Directions for this task -
Make an exact copy of the records, omitting all images.

[Source records]
-------
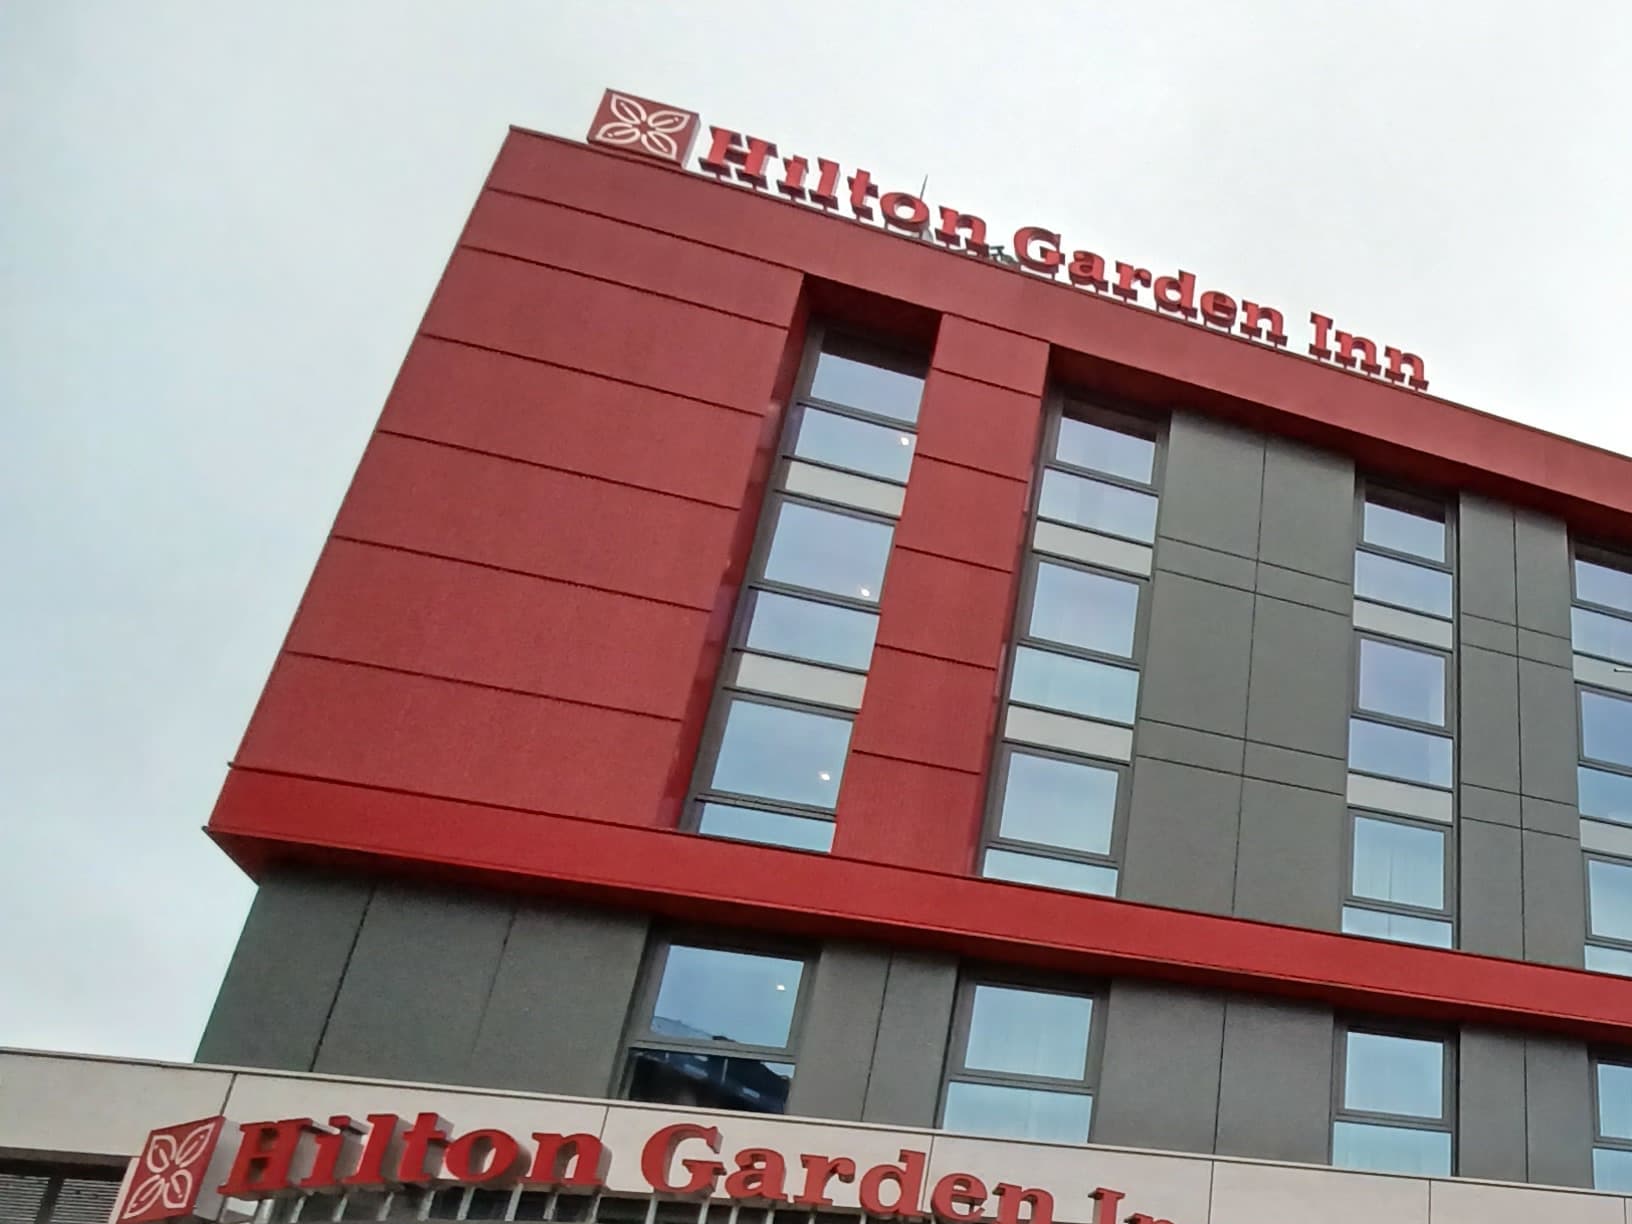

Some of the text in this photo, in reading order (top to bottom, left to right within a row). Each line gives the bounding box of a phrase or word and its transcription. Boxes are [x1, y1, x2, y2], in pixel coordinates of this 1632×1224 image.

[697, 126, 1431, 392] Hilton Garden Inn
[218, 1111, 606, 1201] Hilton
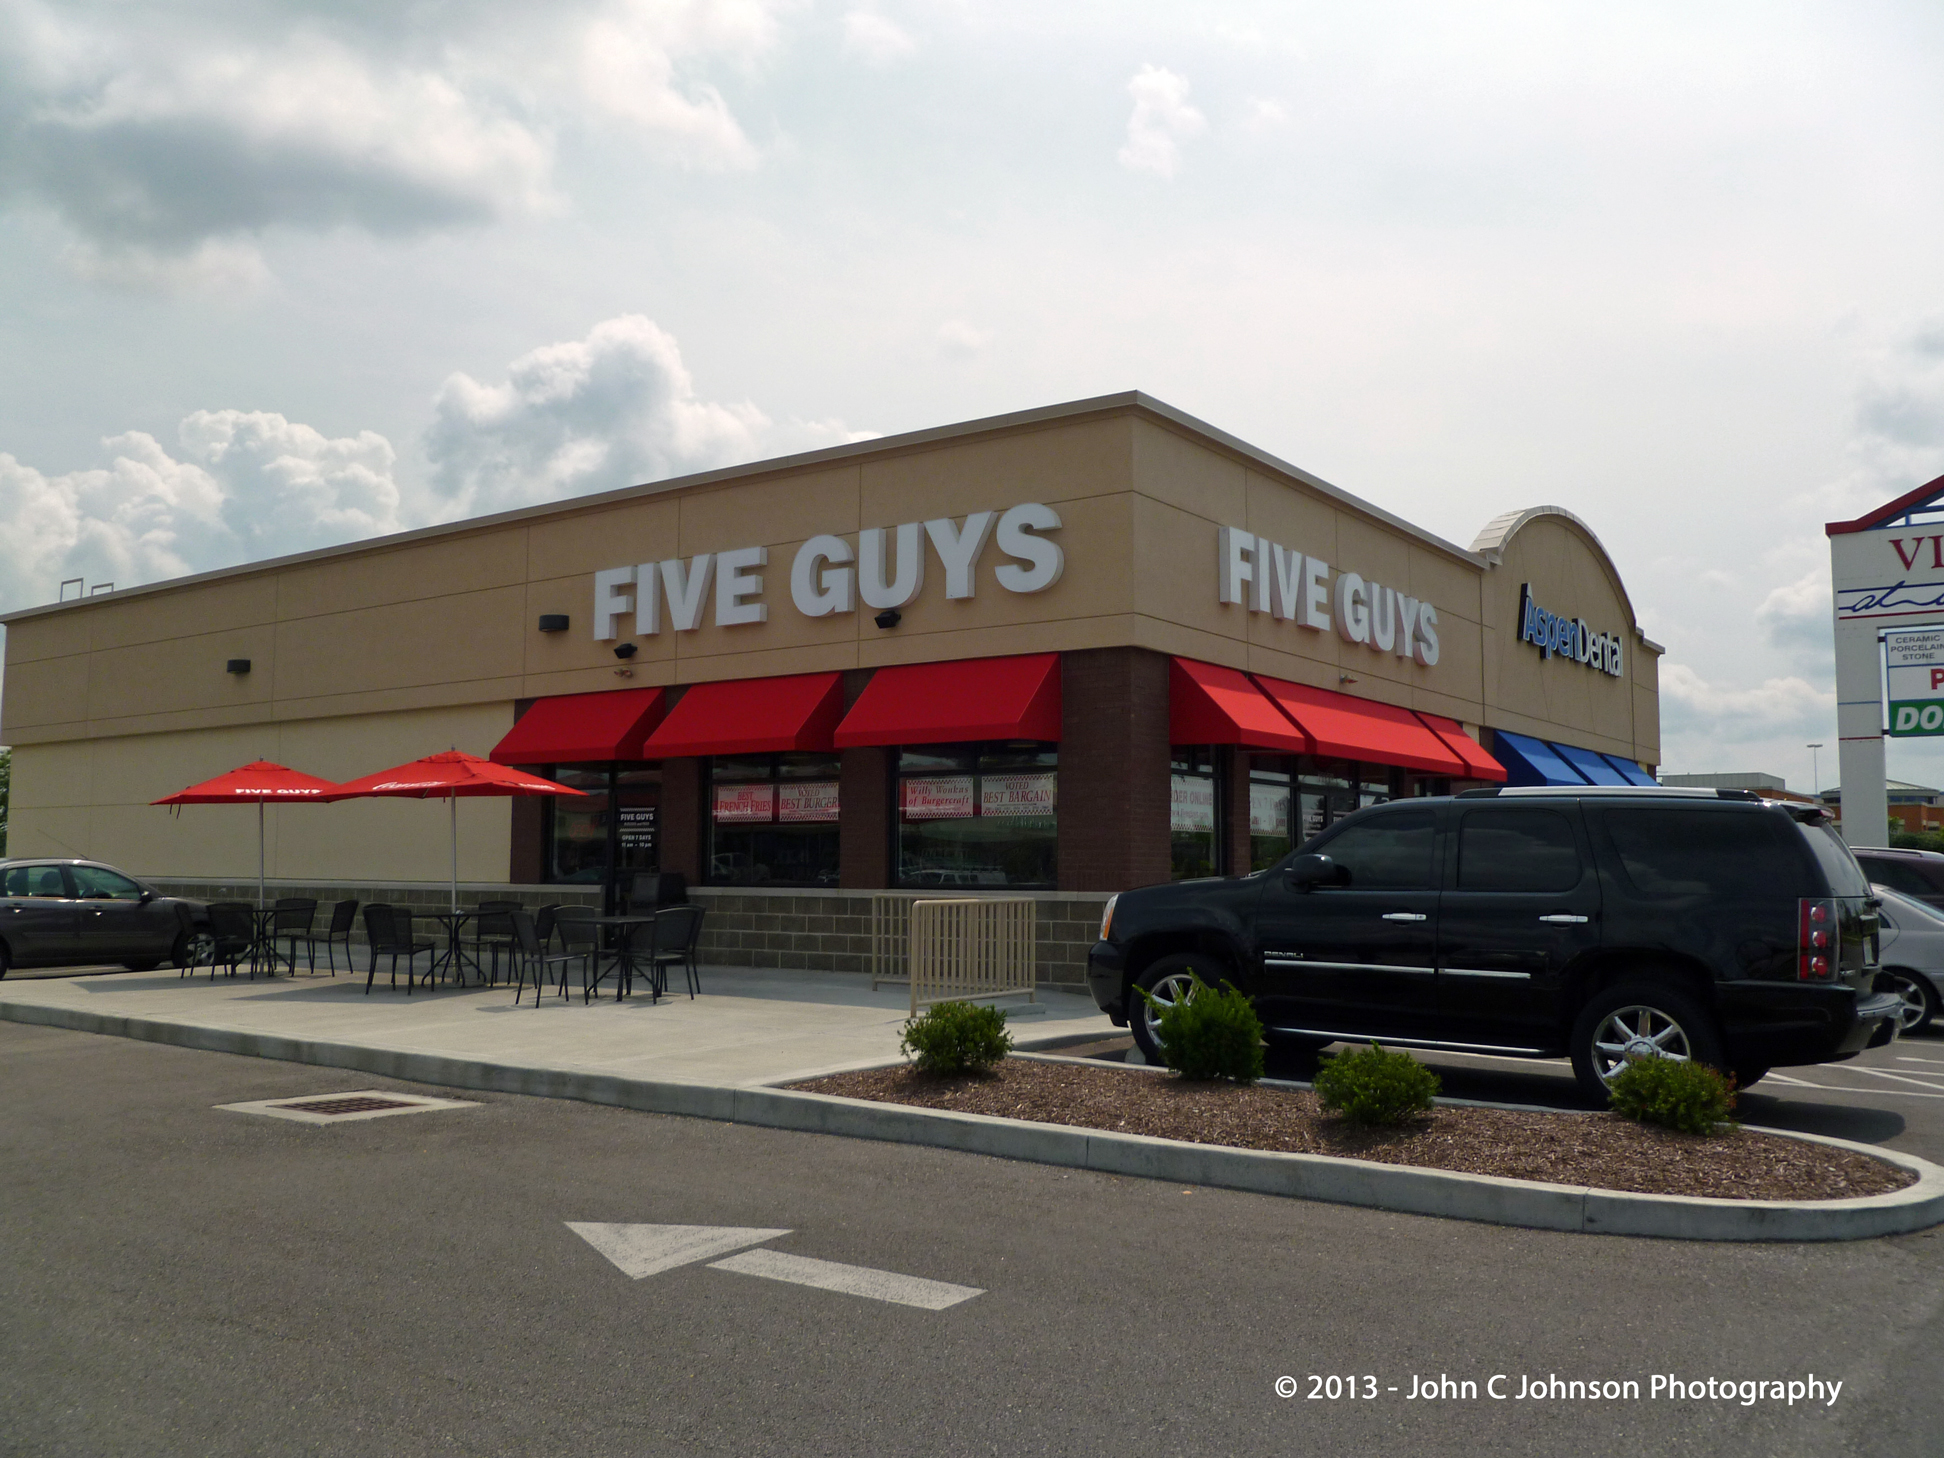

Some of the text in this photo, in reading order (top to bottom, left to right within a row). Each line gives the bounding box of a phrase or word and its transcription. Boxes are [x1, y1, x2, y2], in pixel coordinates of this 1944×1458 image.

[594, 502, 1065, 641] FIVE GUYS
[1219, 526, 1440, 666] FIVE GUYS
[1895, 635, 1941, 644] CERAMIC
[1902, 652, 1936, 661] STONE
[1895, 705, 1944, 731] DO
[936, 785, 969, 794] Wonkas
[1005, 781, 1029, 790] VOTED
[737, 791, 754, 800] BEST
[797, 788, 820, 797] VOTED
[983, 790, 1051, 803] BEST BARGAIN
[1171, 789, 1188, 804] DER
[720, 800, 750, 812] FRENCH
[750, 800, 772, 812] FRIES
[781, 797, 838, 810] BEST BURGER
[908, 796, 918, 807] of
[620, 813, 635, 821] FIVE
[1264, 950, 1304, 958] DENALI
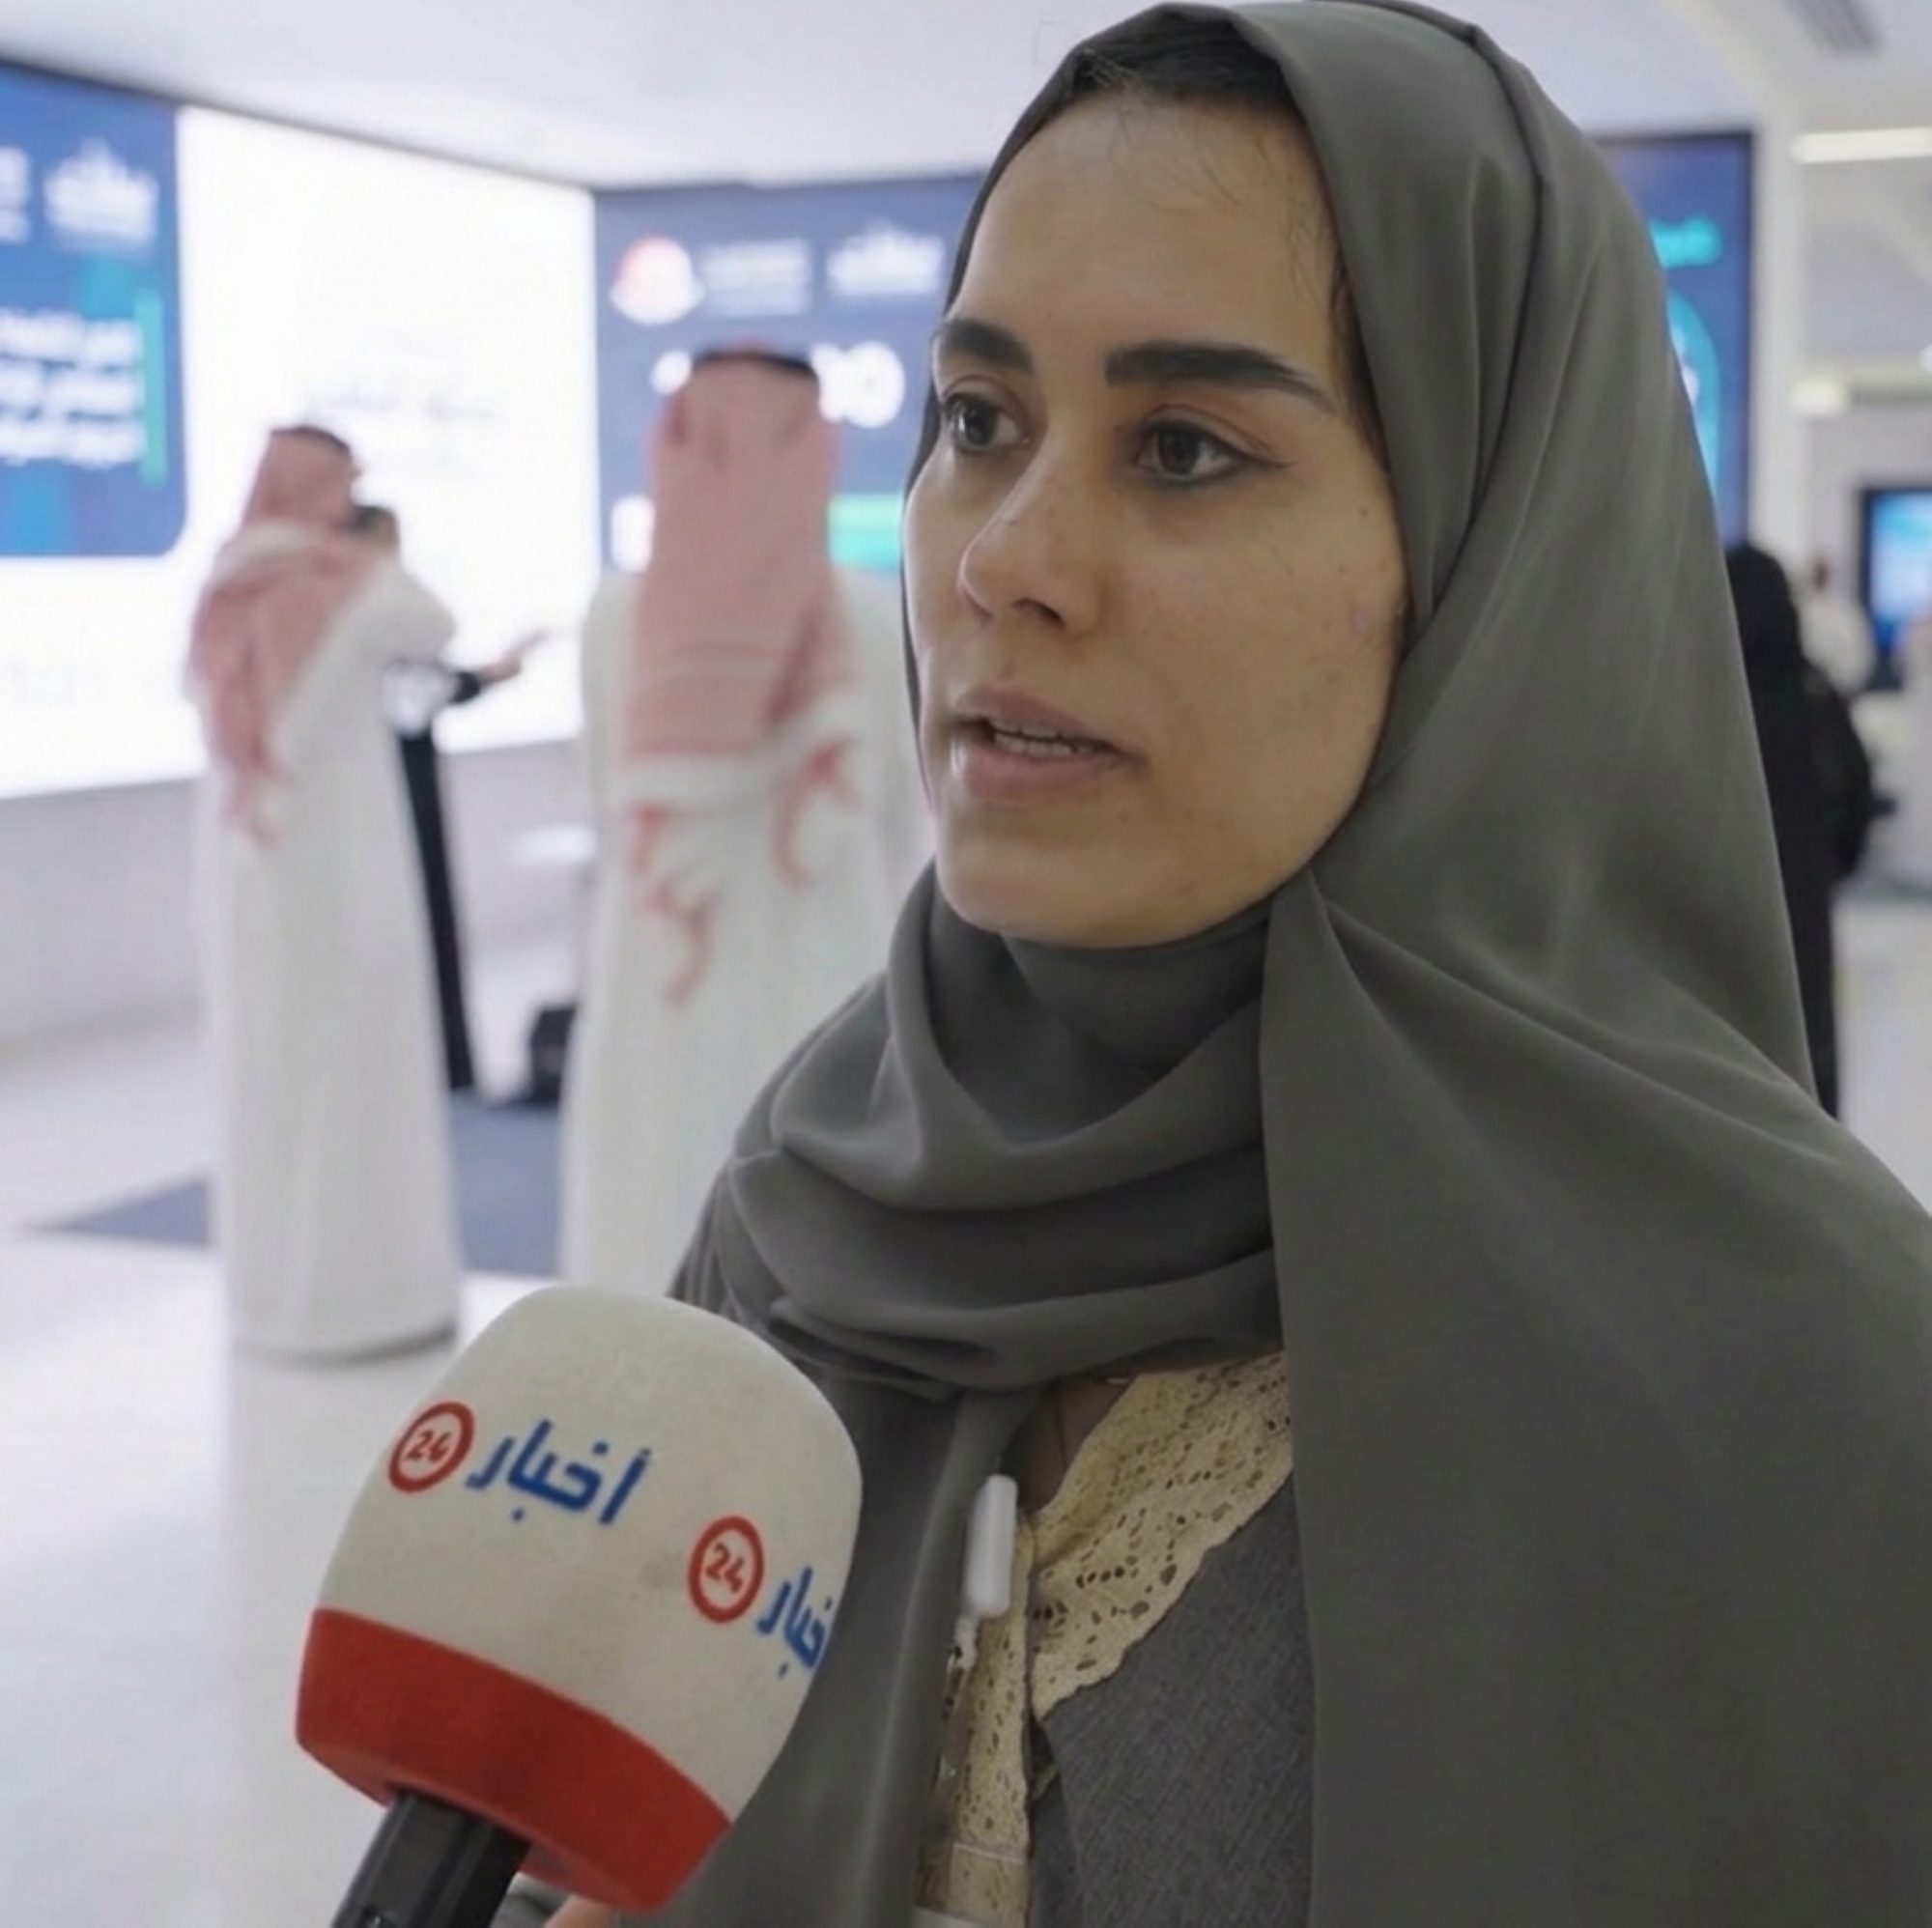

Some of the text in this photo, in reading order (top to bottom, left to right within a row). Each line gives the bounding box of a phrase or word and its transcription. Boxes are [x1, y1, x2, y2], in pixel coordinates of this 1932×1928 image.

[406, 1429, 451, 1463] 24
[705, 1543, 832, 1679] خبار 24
-------
Task response -
Some of the text in this photo, in reading order (top to bottom, left to right within a row). Each line gives the bounding box of a phrase or word and its transcription. Boxes are [x1, y1, x2, y2], in pixel coordinates of this 1632×1224 image.

[697, 126, 1431, 392] Hilton Garden Inn
[218, 1111, 606, 1201] Hilton

Some of the text in this photo, in reading order (top to bottom, left to right within a row). Each line gives the bounding box of a phrase or word and its transcription. Boxes are [x1, y1, x2, y2], in pixel coordinates of this 1944×1458 image.

[594, 502, 1065, 641] FIVE GUYS
[1219, 526, 1440, 666] FIVE GUYS
[1895, 635, 1941, 644] CERAMIC
[1902, 652, 1936, 661] STONE
[1895, 705, 1944, 731] DO
[936, 785, 969, 794] Wonkas
[1005, 781, 1029, 790] VOTED
[737, 791, 754, 800] BEST
[797, 788, 820, 797] VOTED
[983, 790, 1051, 803] BEST BARGAIN
[1171, 789, 1188, 804] DER
[720, 800, 750, 812] FRENCH
[750, 800, 772, 812] FRIES
[781, 797, 838, 810] BEST BURGER
[908, 796, 918, 807] of
[620, 813, 635, 821] FIVE
[1264, 950, 1304, 958] DENALI

Some of the text in this photo, in reading order (top to bottom, left to right within a row). Each line gives the bounding box of a phrase or word and its transcription. Boxes are [x1, y1, x2, y2], in pixel coordinates of this 1932×1928 image.

[406, 1429, 451, 1463] 24
[705, 1543, 832, 1679] خبار 24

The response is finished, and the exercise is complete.